Required work.
Leave the pictures out and return every line below exactly.

Stored data entries
- - - - - - -

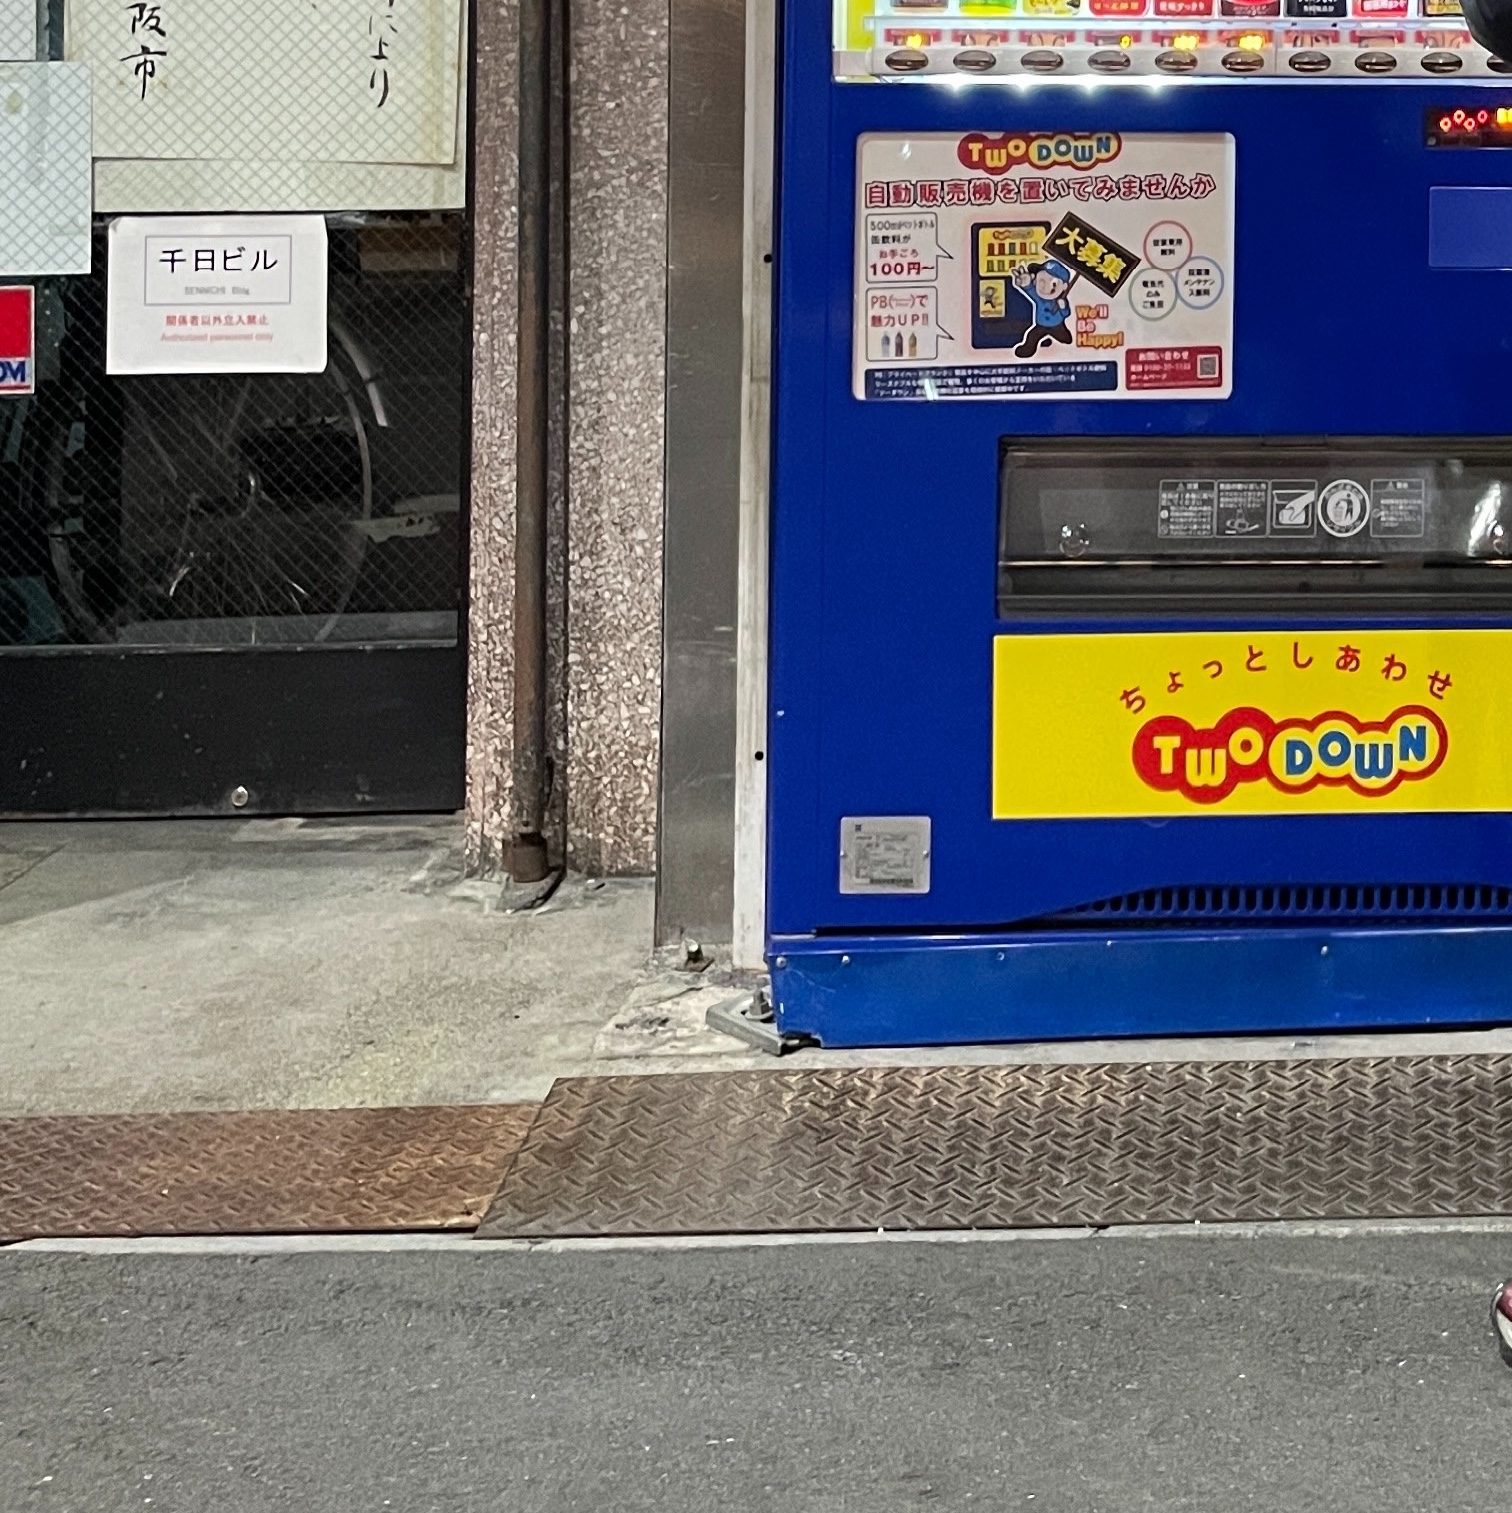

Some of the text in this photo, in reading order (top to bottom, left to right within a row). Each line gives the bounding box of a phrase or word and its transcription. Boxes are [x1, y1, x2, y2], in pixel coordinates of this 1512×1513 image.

[968, 136, 1111, 168] TWO DOWN
[865, 174, 1216, 207] 自動販売機を置いてみませんか
[159, 246, 278, 274] 千日ビル
[1055, 226, 1127, 284] 大募集
[1120, 641, 1452, 714] ちょっとしあわせ
[1153, 724, 1427, 787] TWO DOWN

- - - - - - -

Answer to this task.
Some of the text in this photo, in reading order (top to bottom, left to right within a row). Each line gives the bounding box of a phrase or word and its transcription. Boxes are [x1, y1, x2, y2], in pixel coordinates of this 1512×1513 image.

[968, 136, 1111, 168] TWO DOWN
[865, 174, 1216, 207] 自動販売機を置いてみませんか
[159, 246, 278, 274] 千日ビル
[1055, 226, 1127, 284] 大募集
[1120, 641, 1452, 714] ちょっとしあわせ
[1153, 724, 1427, 787] TWO DOWN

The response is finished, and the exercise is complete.